• _AIM OF THE EXERCISE_:
Return the listing below exactly, with the pictures dropped.
● ● ●
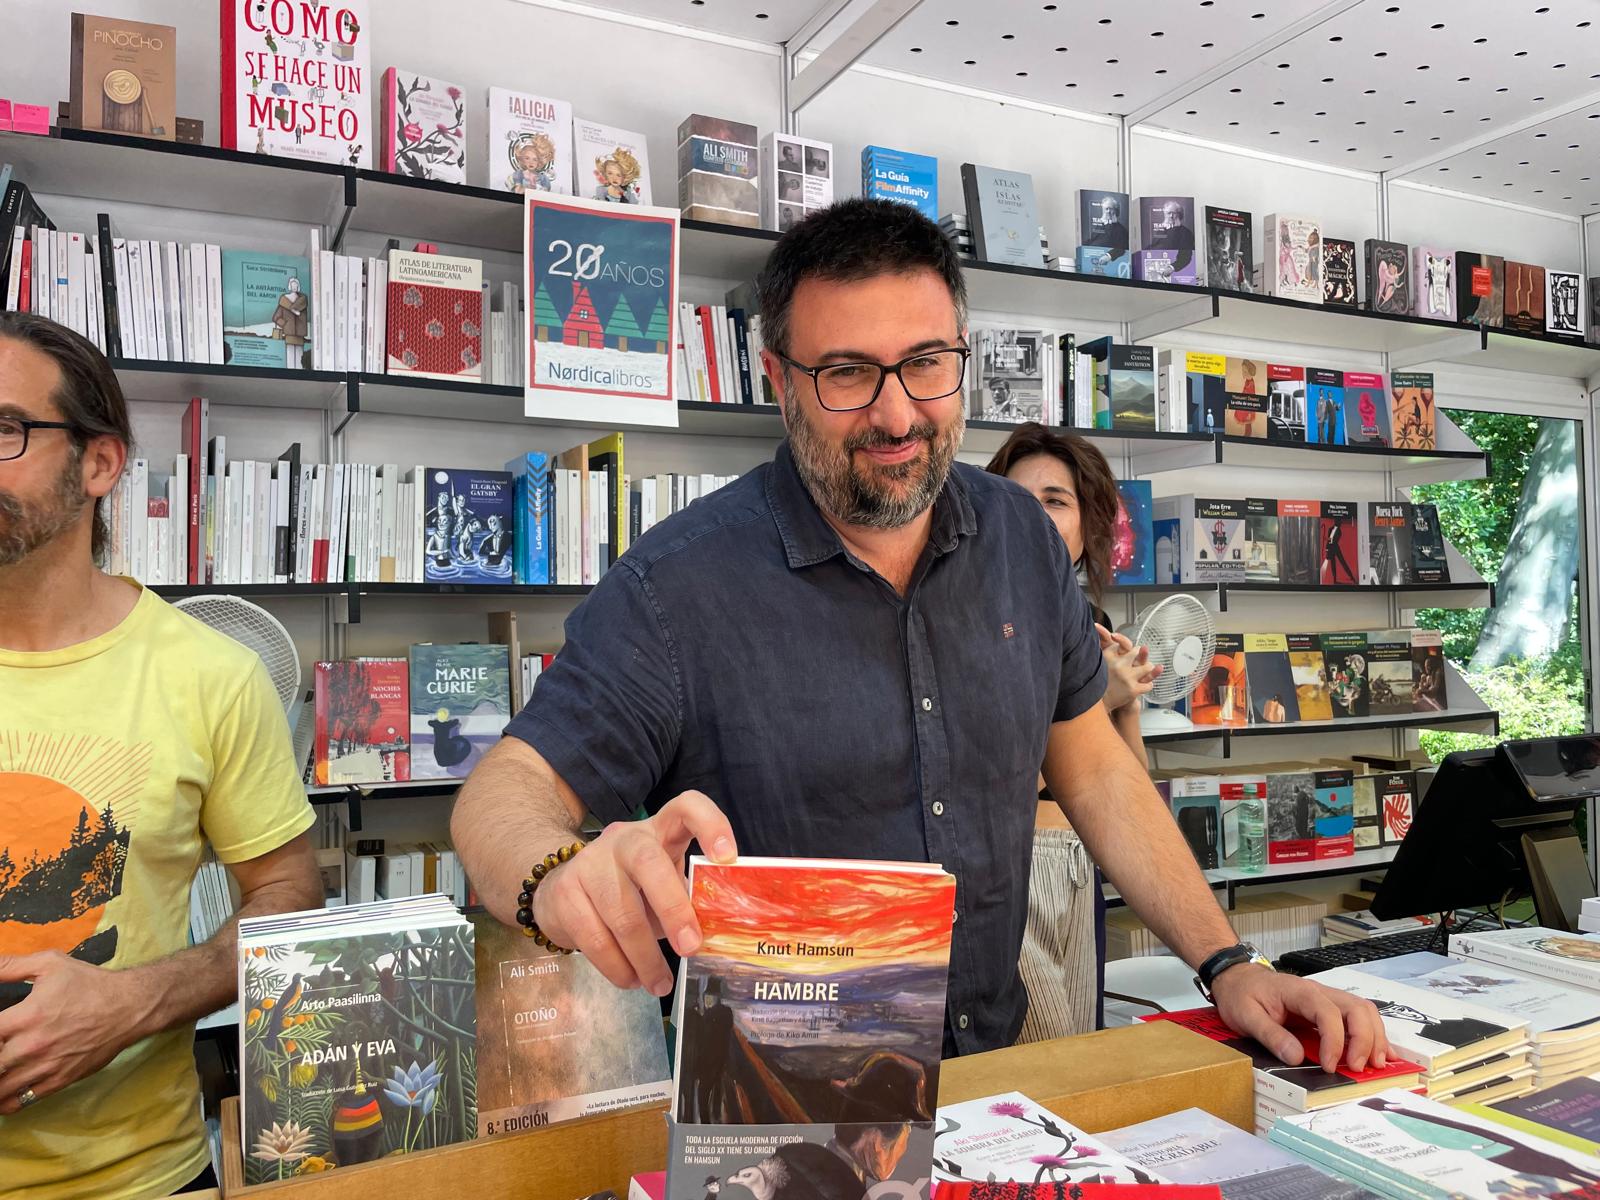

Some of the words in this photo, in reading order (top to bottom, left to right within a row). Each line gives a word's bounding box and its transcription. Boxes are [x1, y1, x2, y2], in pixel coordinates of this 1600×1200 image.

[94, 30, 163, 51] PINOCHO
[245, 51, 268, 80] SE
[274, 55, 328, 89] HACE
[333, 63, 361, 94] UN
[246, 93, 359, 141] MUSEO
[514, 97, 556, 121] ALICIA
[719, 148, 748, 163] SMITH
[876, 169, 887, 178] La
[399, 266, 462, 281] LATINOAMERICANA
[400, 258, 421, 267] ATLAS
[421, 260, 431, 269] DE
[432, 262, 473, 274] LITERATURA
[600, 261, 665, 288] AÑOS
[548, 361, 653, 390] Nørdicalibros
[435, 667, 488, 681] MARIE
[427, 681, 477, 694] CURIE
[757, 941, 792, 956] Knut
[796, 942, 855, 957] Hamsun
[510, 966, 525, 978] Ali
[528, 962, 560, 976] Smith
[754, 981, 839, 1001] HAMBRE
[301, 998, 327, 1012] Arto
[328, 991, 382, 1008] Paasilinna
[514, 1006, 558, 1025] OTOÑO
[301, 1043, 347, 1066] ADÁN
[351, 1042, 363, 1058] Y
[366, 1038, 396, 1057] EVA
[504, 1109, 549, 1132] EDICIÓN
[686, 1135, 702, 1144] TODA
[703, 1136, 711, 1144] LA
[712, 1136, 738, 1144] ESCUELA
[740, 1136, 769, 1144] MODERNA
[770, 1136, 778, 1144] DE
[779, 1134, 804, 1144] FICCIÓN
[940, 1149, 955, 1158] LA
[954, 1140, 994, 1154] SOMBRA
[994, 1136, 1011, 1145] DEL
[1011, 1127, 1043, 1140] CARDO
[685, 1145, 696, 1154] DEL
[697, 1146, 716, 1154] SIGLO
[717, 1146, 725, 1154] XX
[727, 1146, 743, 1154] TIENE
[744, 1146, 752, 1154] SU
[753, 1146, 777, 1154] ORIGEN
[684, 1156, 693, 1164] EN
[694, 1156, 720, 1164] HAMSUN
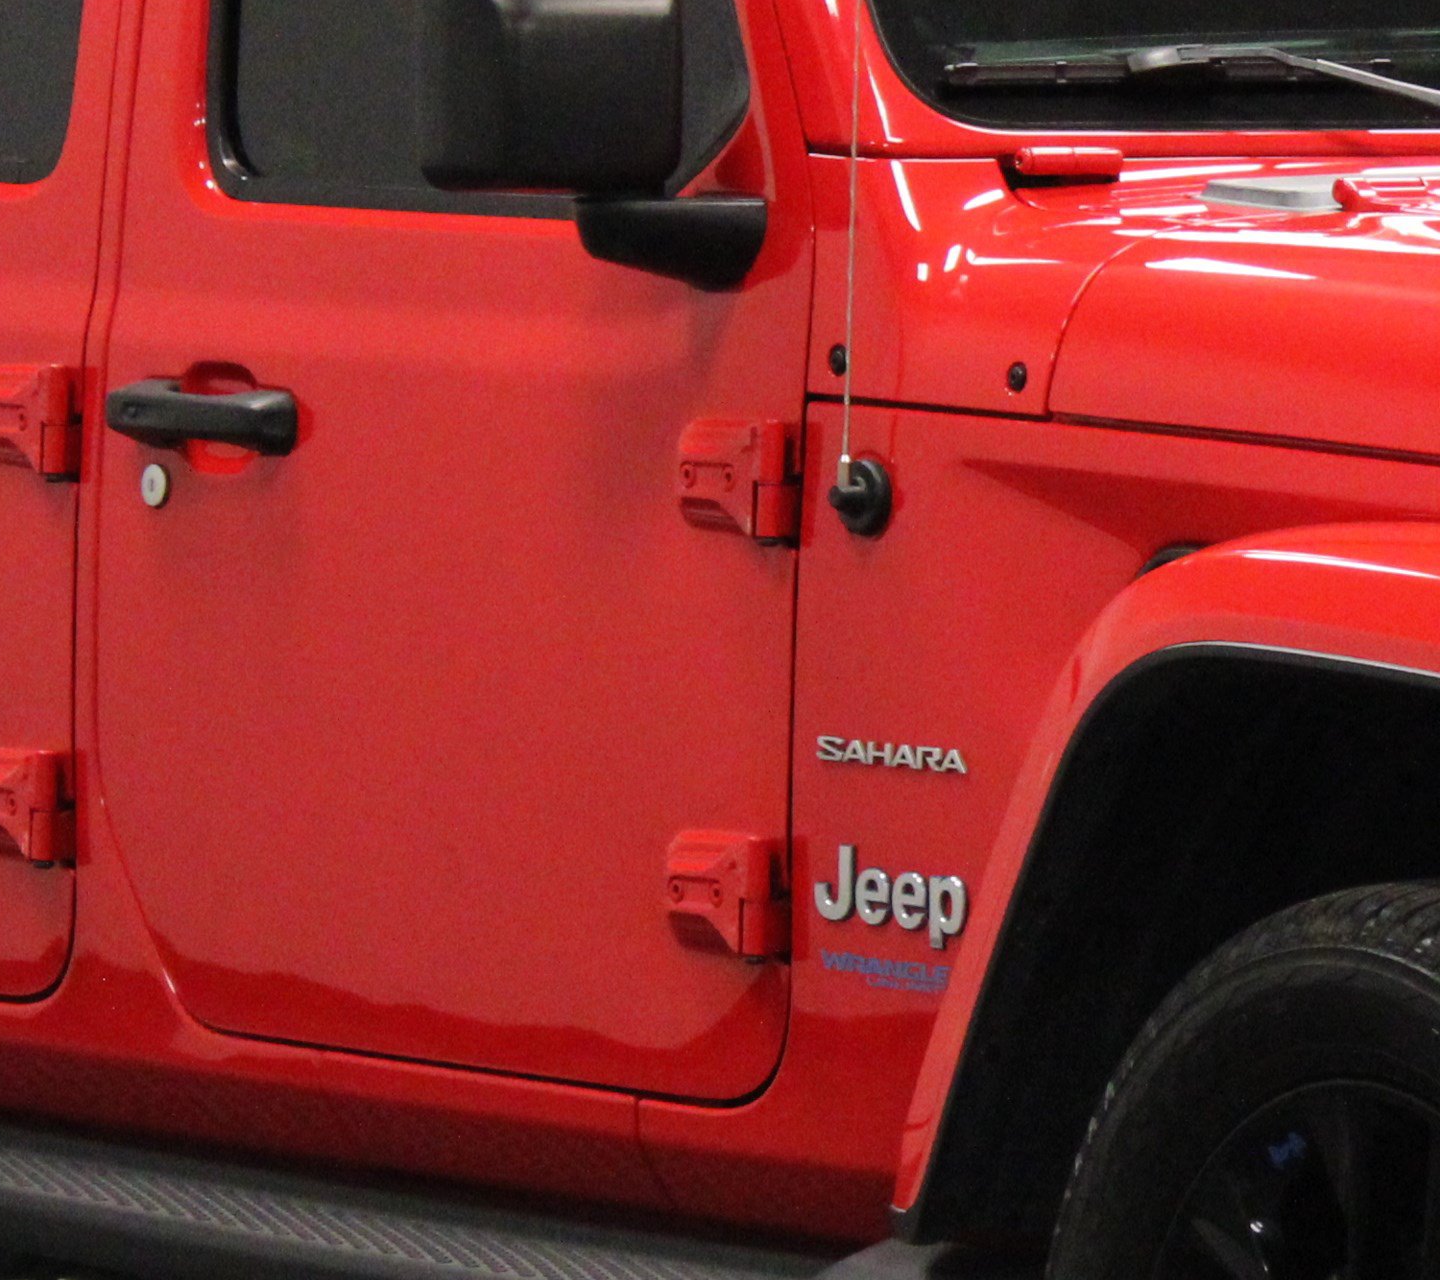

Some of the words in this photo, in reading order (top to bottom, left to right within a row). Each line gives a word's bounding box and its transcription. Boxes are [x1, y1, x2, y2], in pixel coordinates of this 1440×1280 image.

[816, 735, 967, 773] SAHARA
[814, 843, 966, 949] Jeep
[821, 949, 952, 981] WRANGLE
● ● ●
• _EXERCISE ANSWER_:
Some of the words in this photo, in reading order (top to bottom, left to right within a row). Each line gives a word's bounding box and its transcription. Boxes are [x1, y1, x2, y2], in pixel coordinates of this 1600×1200 image.

[94, 30, 163, 51] PINOCHO
[245, 51, 268, 80] SE
[274, 55, 328, 89] HACE
[333, 63, 361, 94] UN
[246, 93, 359, 141] MUSEO
[514, 97, 556, 121] ALICIA
[719, 148, 748, 163] SMITH
[876, 169, 887, 178] La
[399, 266, 462, 281] LATINOAMERICANA
[400, 258, 421, 267] ATLAS
[421, 260, 431, 269] DE
[432, 262, 473, 274] LITERATURA
[600, 261, 665, 288] AÑOS
[548, 361, 653, 390] Nørdicalibros
[435, 667, 488, 681] MARIE
[427, 681, 477, 694] CURIE
[757, 941, 792, 956] Knut
[796, 942, 855, 957] Hamsun
[510, 966, 525, 978] Ali
[528, 962, 560, 976] Smith
[754, 981, 839, 1001] HAMBRE
[301, 998, 327, 1012] Arto
[328, 991, 382, 1008] Paasilinna
[514, 1006, 558, 1025] OTOÑO
[301, 1043, 347, 1066] ADÁN
[351, 1042, 363, 1058] Y
[366, 1038, 396, 1057] EVA
[504, 1109, 549, 1132] EDICIÓN
[686, 1135, 702, 1144] TODA
[703, 1136, 711, 1144] LA
[712, 1136, 738, 1144] ESCUELA
[740, 1136, 769, 1144] MODERNA
[770, 1136, 778, 1144] DE
[779, 1134, 804, 1144] FICCIÓN
[940, 1149, 955, 1158] LA
[954, 1140, 994, 1154] SOMBRA
[994, 1136, 1011, 1145] DEL
[1011, 1127, 1043, 1140] CARDO
[685, 1145, 696, 1154] DEL
[697, 1146, 716, 1154] SIGLO
[717, 1146, 725, 1154] XX
[727, 1146, 743, 1154] TIENE
[744, 1146, 752, 1154] SU
[753, 1146, 777, 1154] ORIGEN
[684, 1156, 693, 1164] EN
[694, 1156, 720, 1164] HAMSUN

Some of the words in this photo, in reading order (top to bottom, left to right within a row). Each line gives a word's bounding box and its transcription. Boxes are [x1, y1, x2, y2], in pixel coordinates of this 1440×1280 image.

[816, 735, 967, 773] SAHARA
[814, 843, 966, 949] Jeep
[821, 949, 952, 981] WRANGLE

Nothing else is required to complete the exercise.